◆ Problem to solve: Every line below must be copied as written, except for pictures.

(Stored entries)
* * *

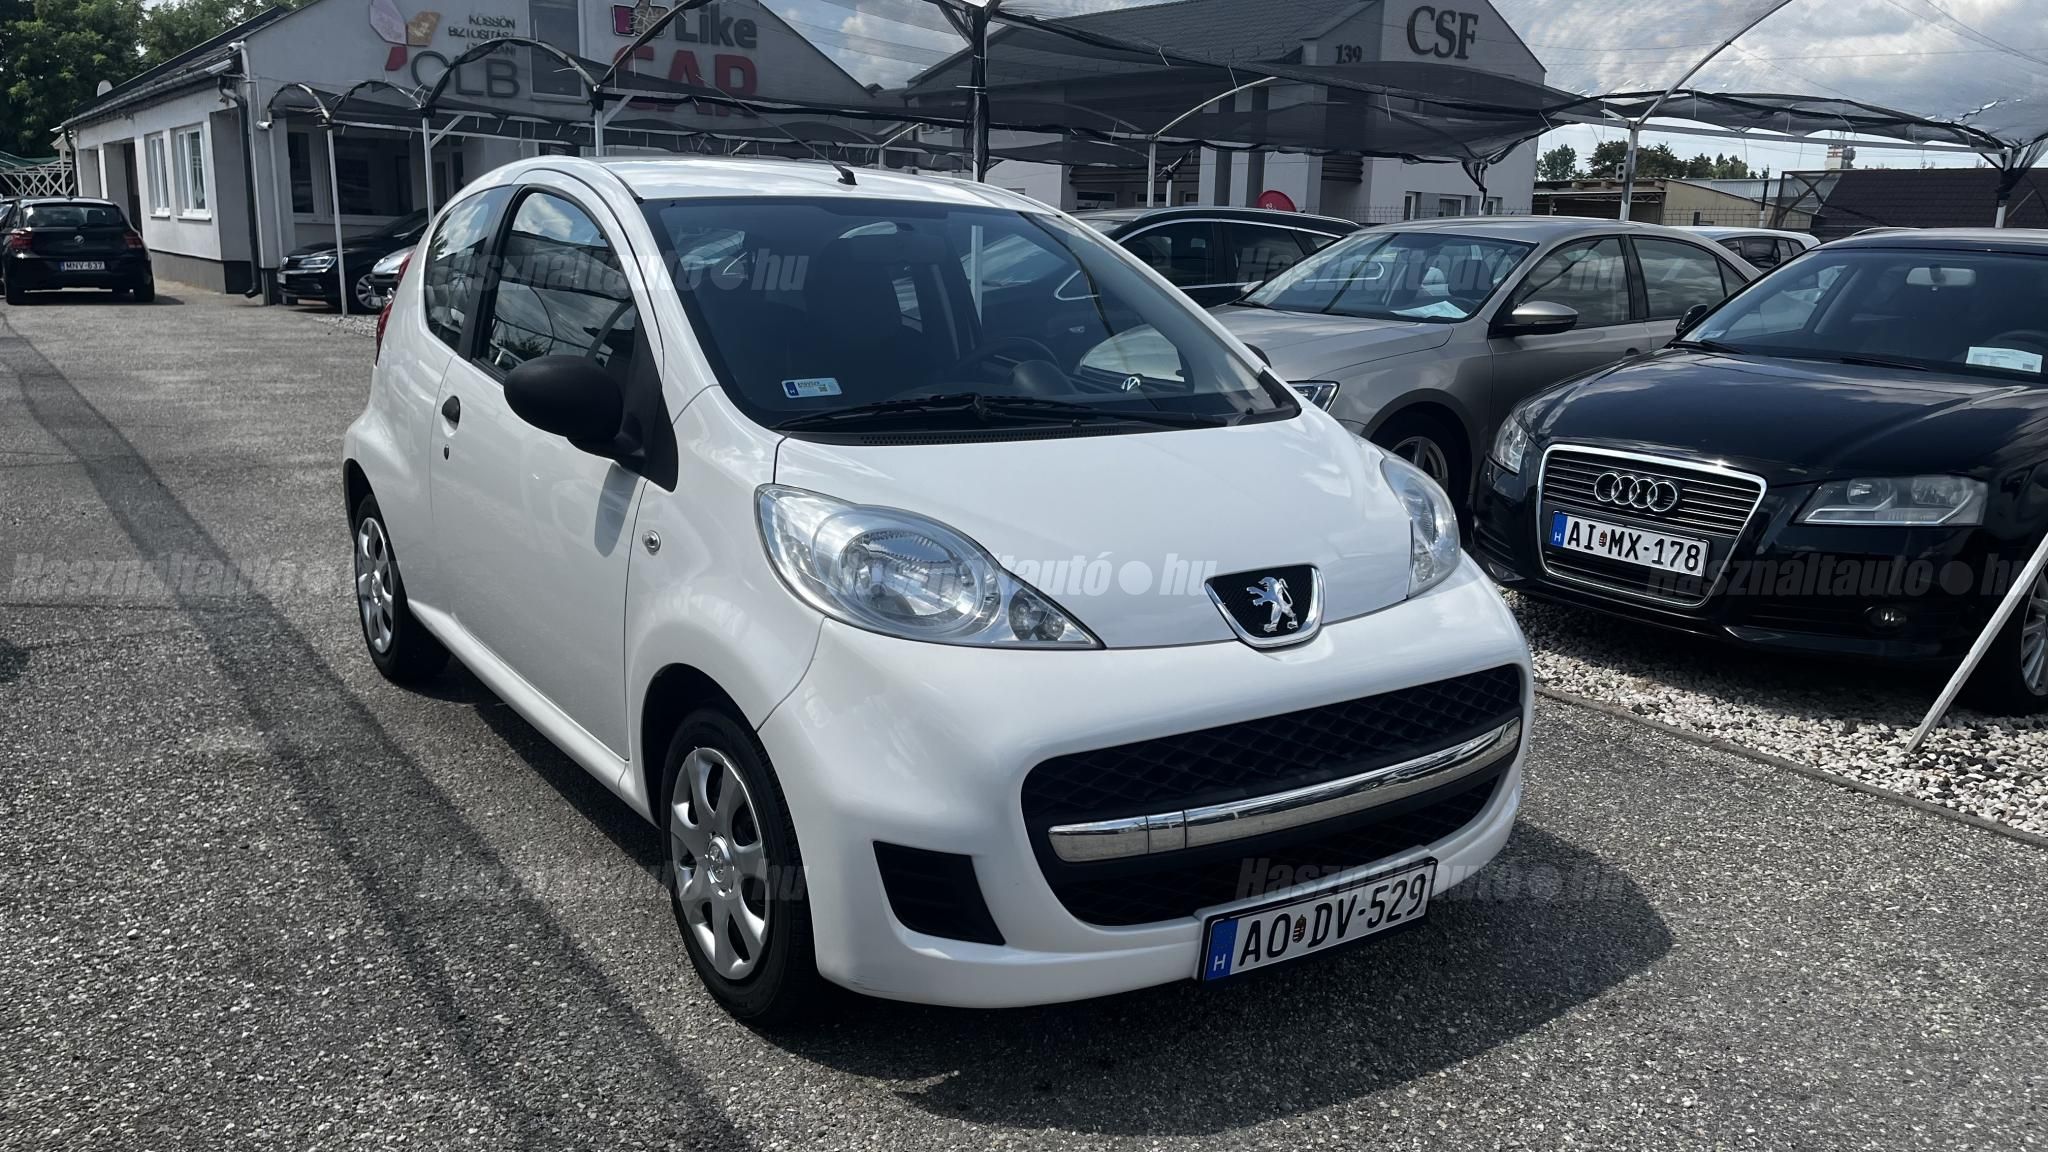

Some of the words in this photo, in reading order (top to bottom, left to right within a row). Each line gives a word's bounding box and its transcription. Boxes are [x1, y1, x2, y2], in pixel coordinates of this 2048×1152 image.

[675, 0, 757, 48] Like
[1406, 6, 1479, 60] CSF
[1335, 44, 1363, 65] 139
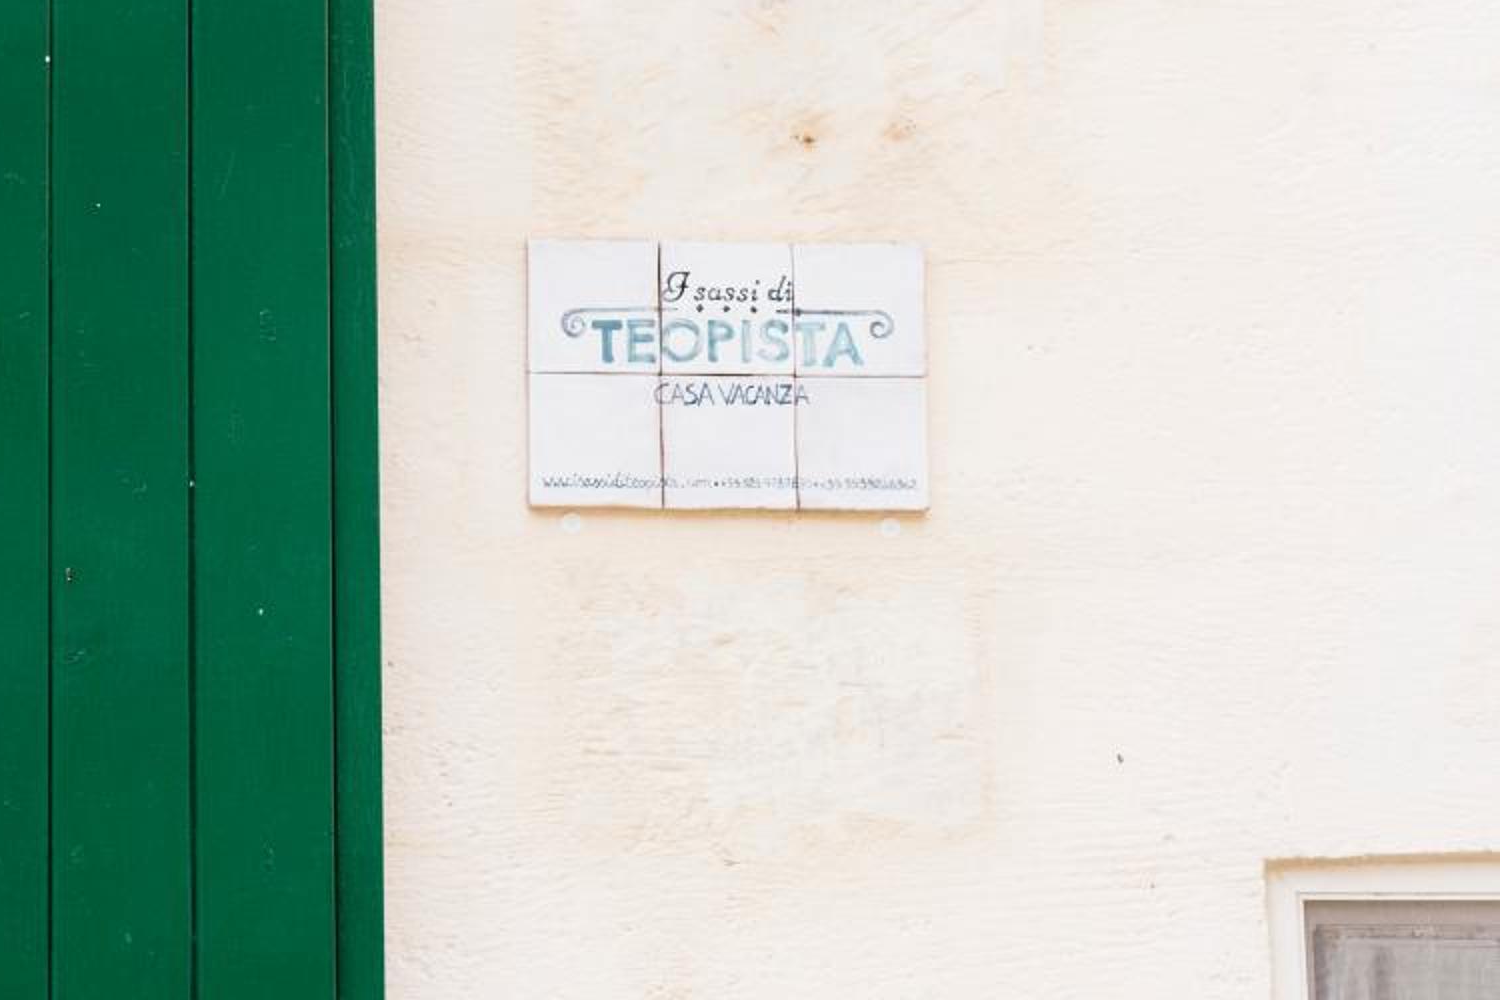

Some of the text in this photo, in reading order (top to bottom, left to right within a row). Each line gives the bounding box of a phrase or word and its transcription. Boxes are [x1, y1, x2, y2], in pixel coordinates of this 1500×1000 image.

[694, 279, 759, 301] sassi
[767, 275, 792, 302] di
[591, 317, 865, 368] TEOPISTA
[653, 382, 811, 406] CASA VACANZA

* * *

◆ Result of this exercise:
Some of the words in this photo, in reading order (top to bottom, left to right within a row). Each line gives a word's bounding box and its transcription. Boxes are [x1, y1, x2, y2], in pixel coordinates of this 2048×1152 image.

[675, 0, 757, 48] Like
[1406, 6, 1479, 60] CSF
[1335, 44, 1363, 65] 139

Some of the text in this photo, in reading order (top to bottom, left to right within a row). Each line gives the bounding box of a phrase or word and its transcription. Boxes are [x1, y1, x2, y2], in pixel coordinates of this 1500×1000 image.

[694, 279, 759, 301] sassi
[767, 275, 792, 302] di
[591, 317, 865, 368] TEOPISTA
[653, 382, 811, 406] CASA VACANZA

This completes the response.